**What is needed**
Leaving the images behind, copy every line of the records exactly.

**Exercise materials**
>>>>

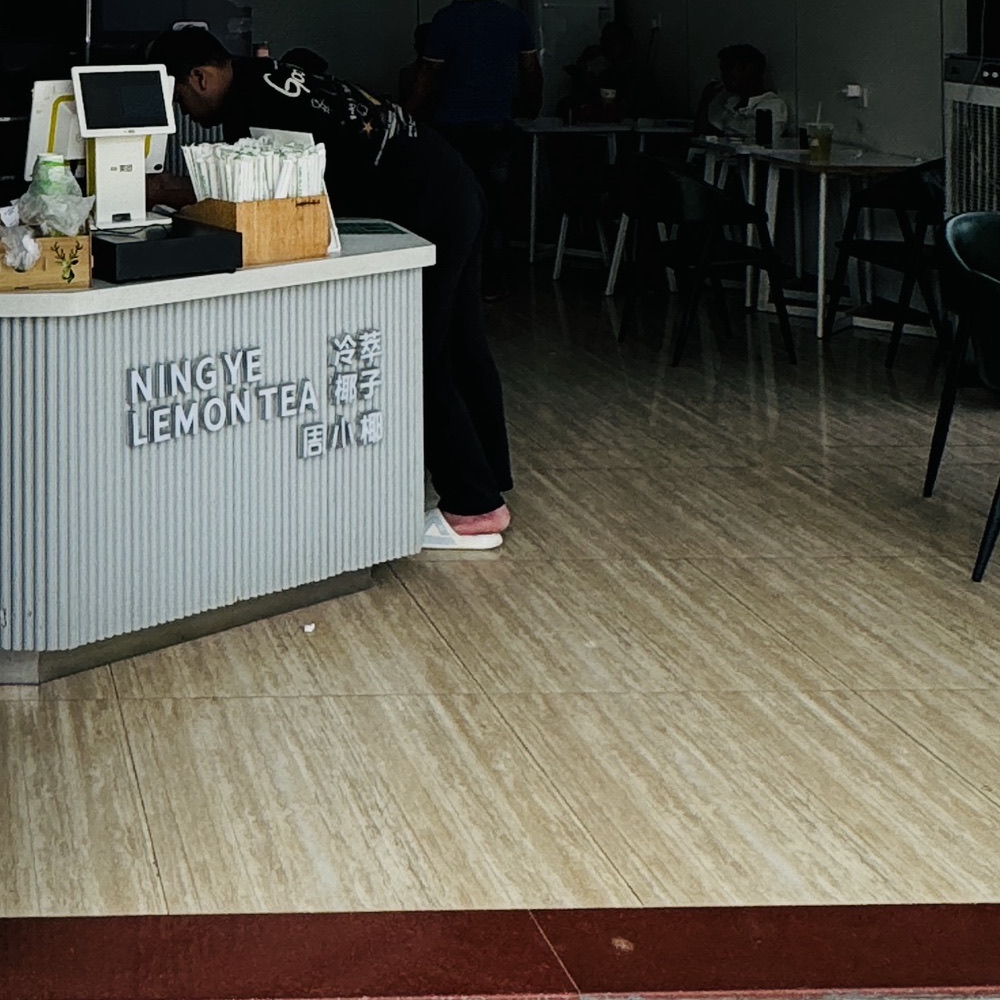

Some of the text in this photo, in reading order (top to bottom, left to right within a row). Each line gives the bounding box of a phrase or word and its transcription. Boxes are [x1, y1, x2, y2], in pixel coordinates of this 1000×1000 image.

[333, 329, 382, 367] 冷萃
[334, 369, 382, 405] 椰子
[131, 381, 319, 446] LEMON TEA
[302, 410, 384, 458] 周小椰
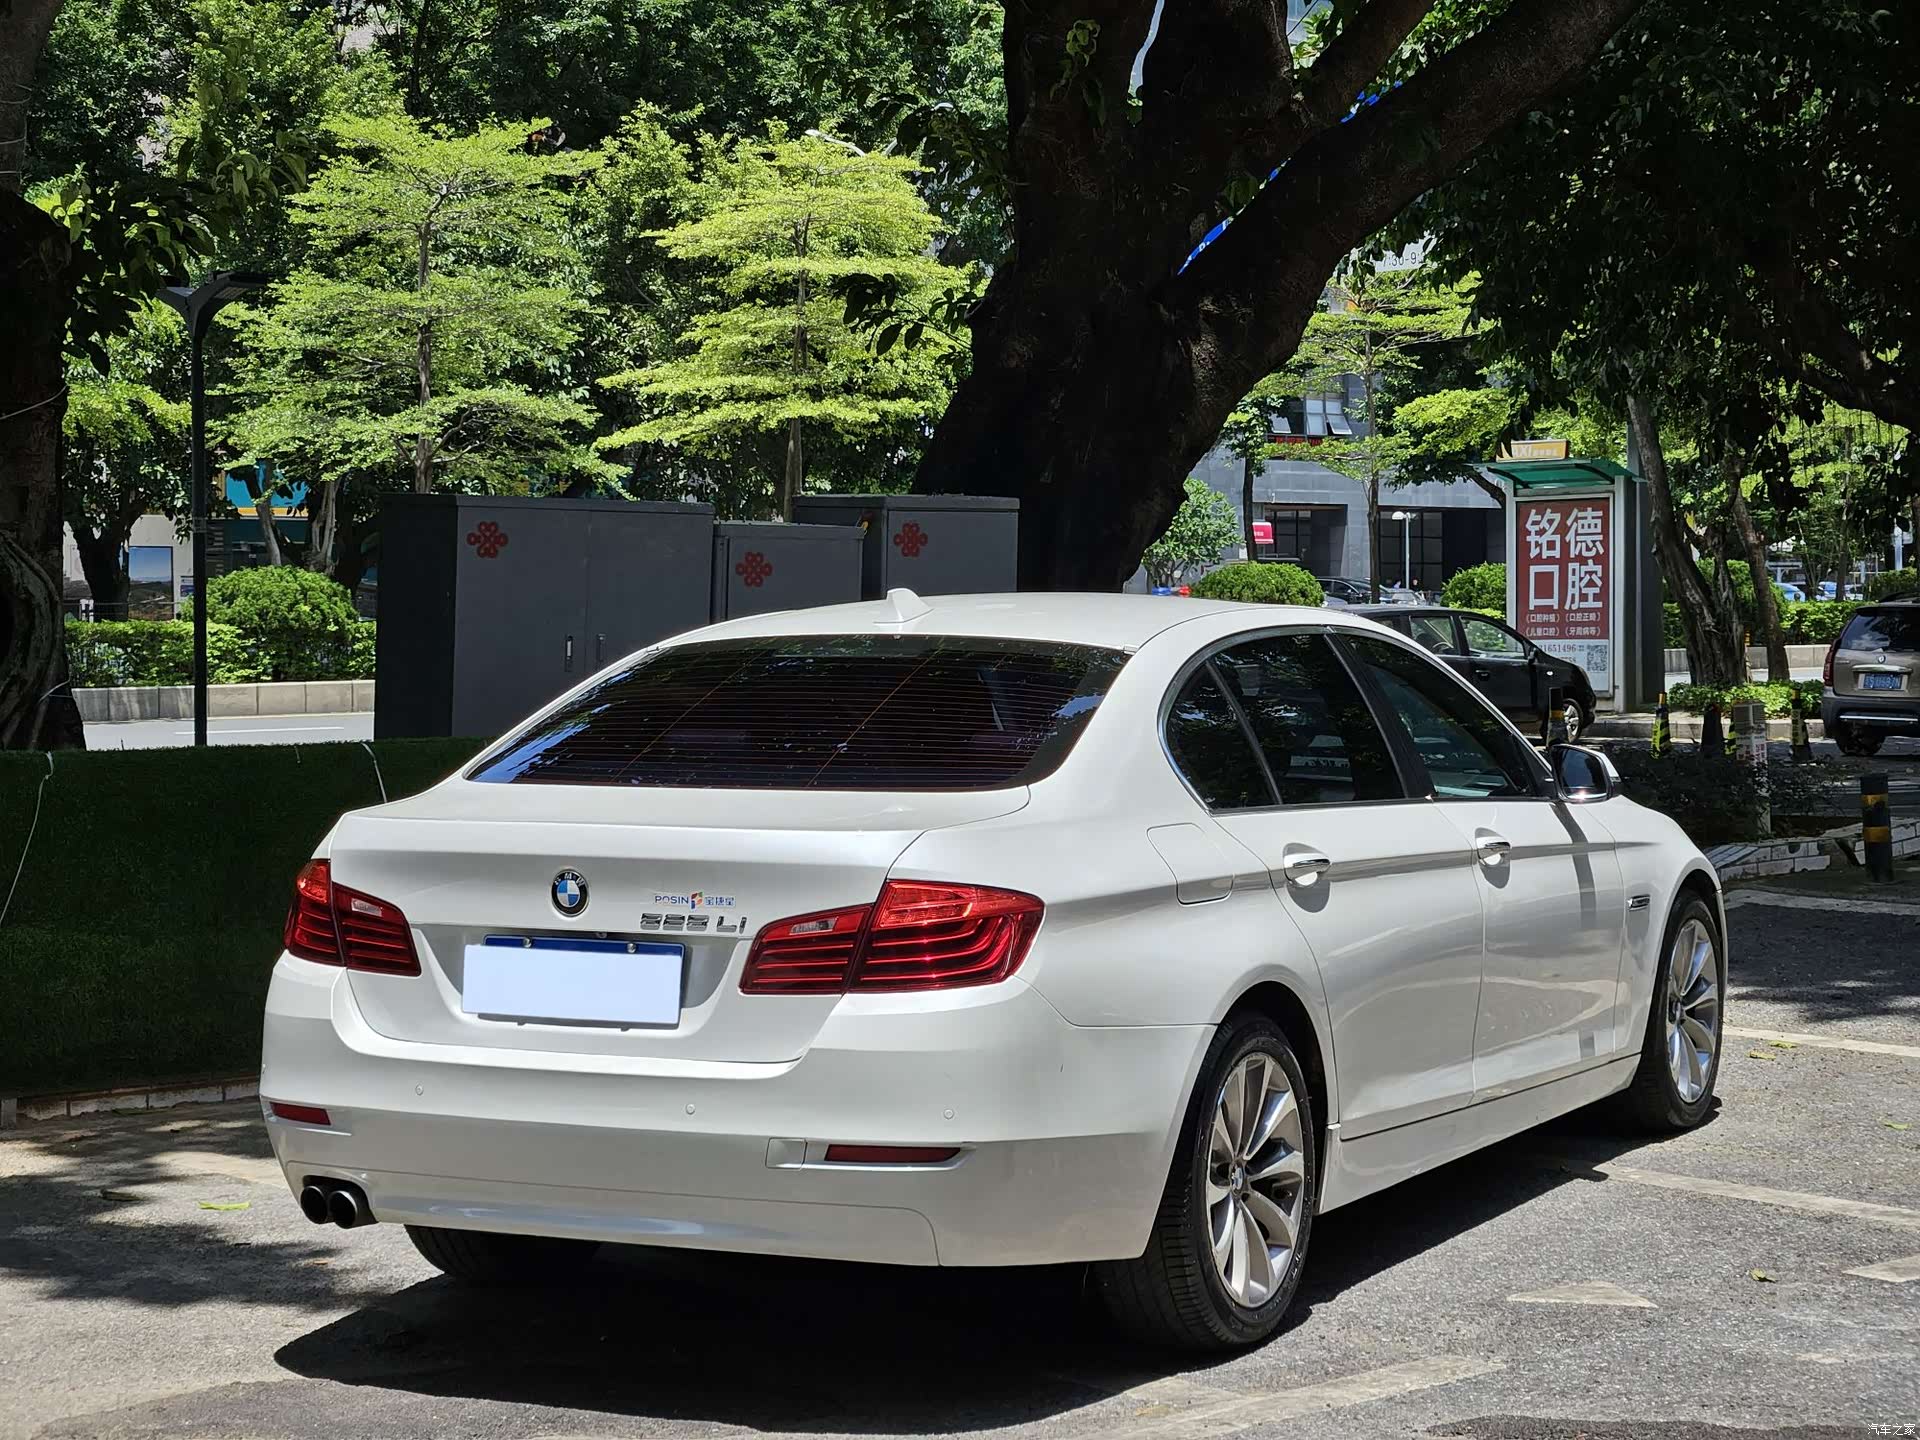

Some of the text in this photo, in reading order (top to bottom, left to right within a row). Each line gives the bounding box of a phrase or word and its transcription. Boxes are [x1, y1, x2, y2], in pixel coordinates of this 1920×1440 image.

[1525, 507, 1604, 560] 铭德
[1528, 560, 1603, 611] 口腔
[655, 895, 689, 904] POSIN
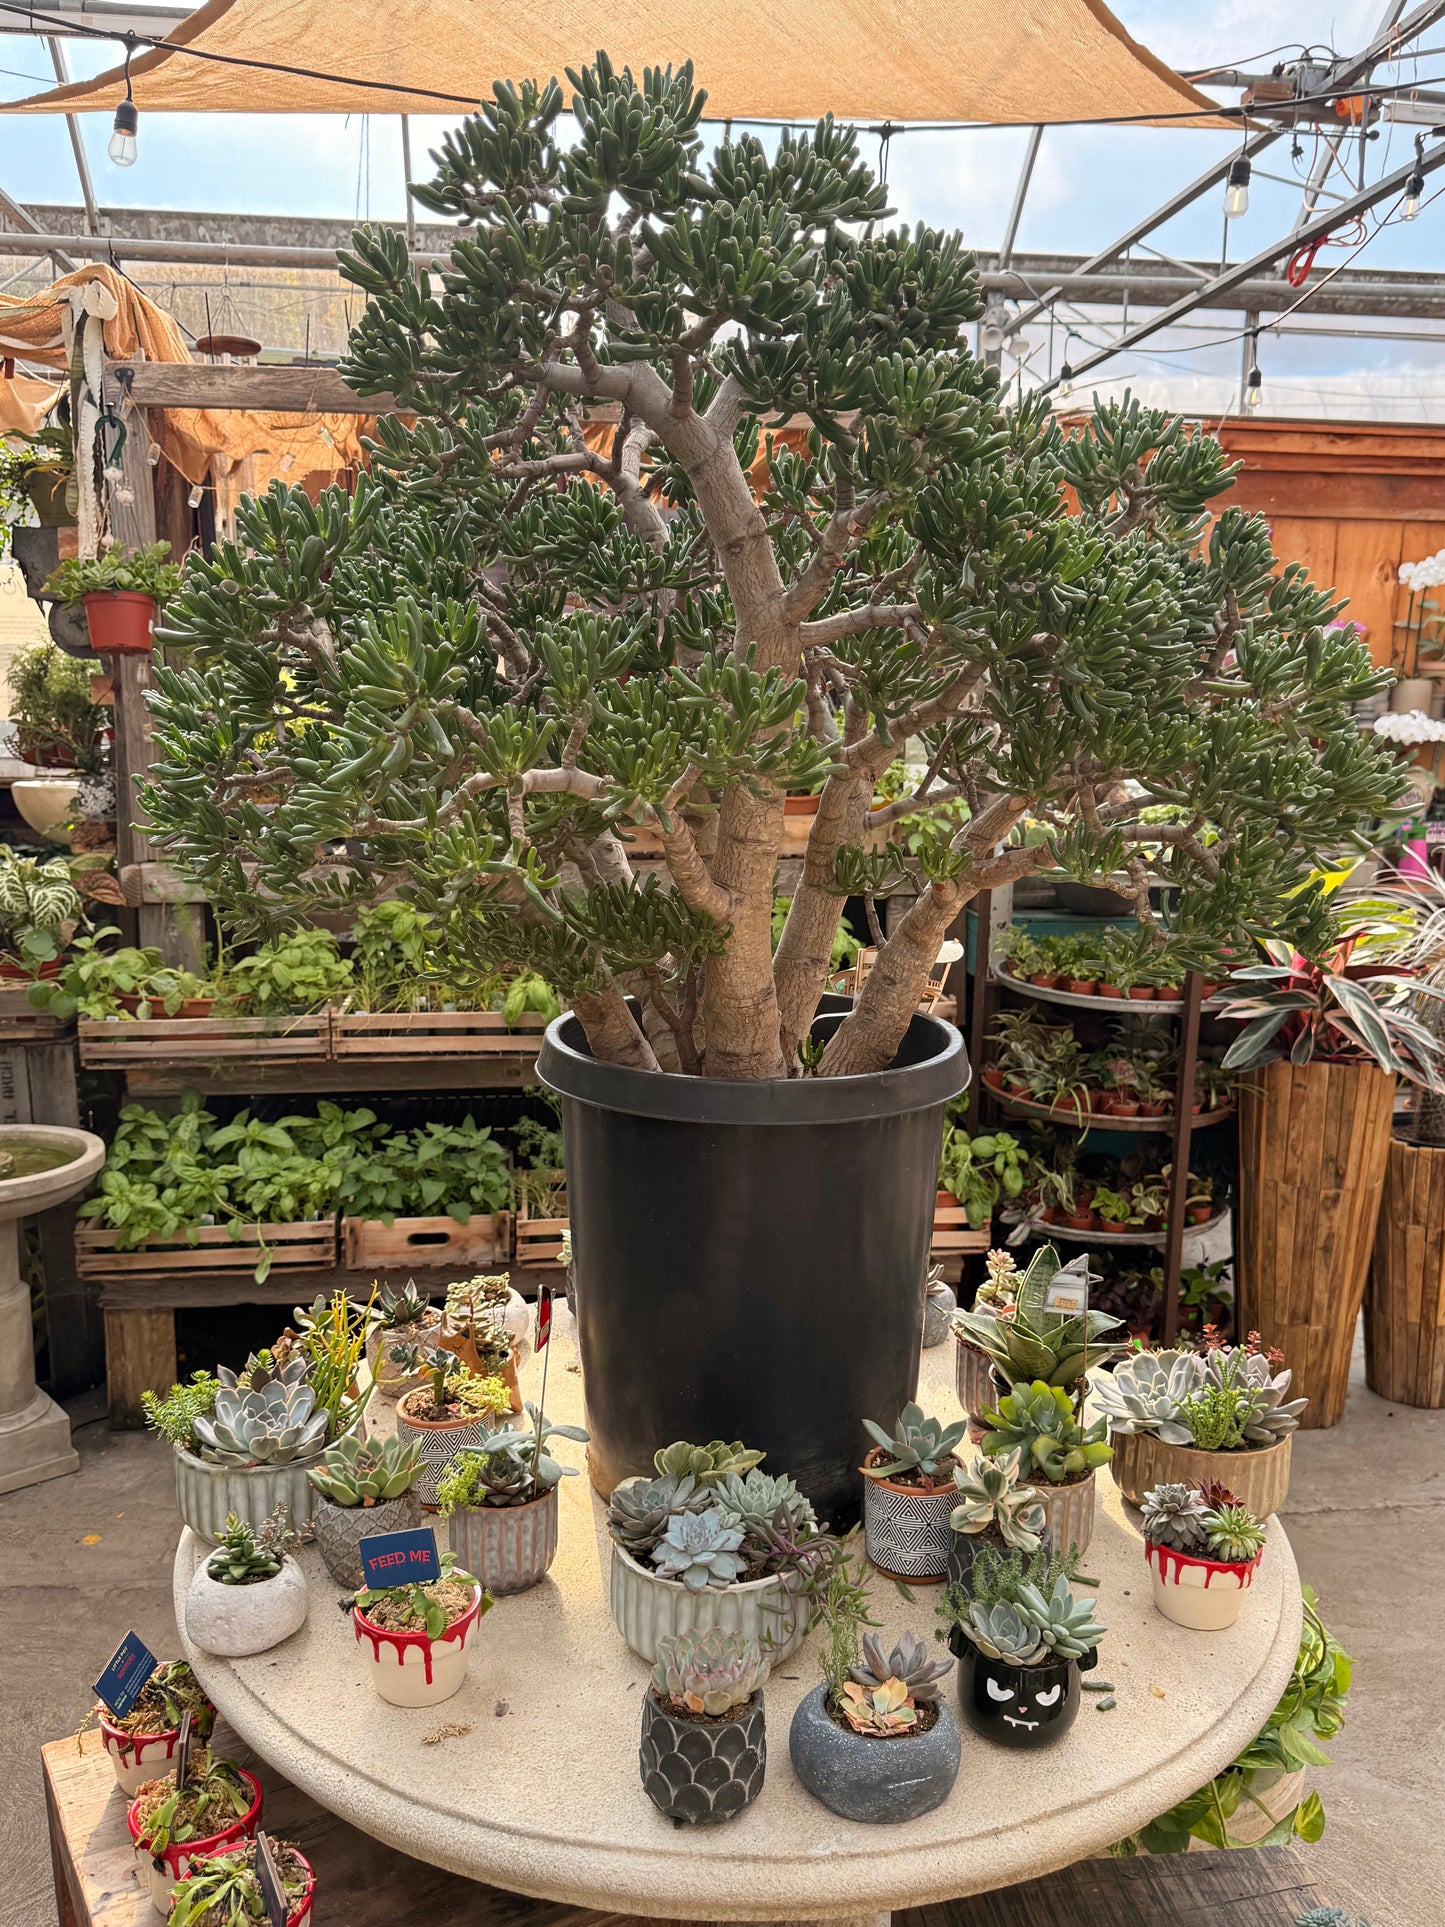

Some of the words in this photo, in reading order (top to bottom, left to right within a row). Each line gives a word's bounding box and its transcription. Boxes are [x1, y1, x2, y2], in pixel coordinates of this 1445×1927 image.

[368, 1551, 406, 1571] FEED
[409, 1550, 431, 1563] ME
[111, 1657, 122, 1672] LITTLE
[120, 1646, 128, 1657] POT

<<<<

**Output**
Some of the text in this photo, in reading order (top to bottom, left to right within a row). Each line gives the bounding box of a phrase or word and its transcription. Boxes are [x1, y1, x2, y2], in pixel coordinates of this 1000×1000 image.

[333, 329, 382, 367] 冷萃
[334, 369, 382, 405] 椰子
[131, 381, 319, 446] LEMON TEA
[302, 410, 384, 458] 周小椰

Some of the text in this photo, in reading order (top to bottom, left to right within a row). Each line gives the bounding box of a phrase or word and its transcription. Boxes are [x1, y1, x2, y2], in pixel coordinates of this 1920×1440 image.

[1525, 507, 1604, 560] 铭德
[1528, 560, 1603, 611] 口腔
[655, 895, 689, 904] POSIN

Some of the words in this photo, in reading order (top to bottom, left to right within a row). Each line gives a word's bounding box and its transcription. Boxes are [x1, y1, x2, y2], in pixel coordinates of this 1445×1927 image.

[368, 1551, 406, 1571] FEED
[409, 1550, 431, 1563] ME
[111, 1657, 122, 1672] LITTLE
[120, 1646, 128, 1657] POT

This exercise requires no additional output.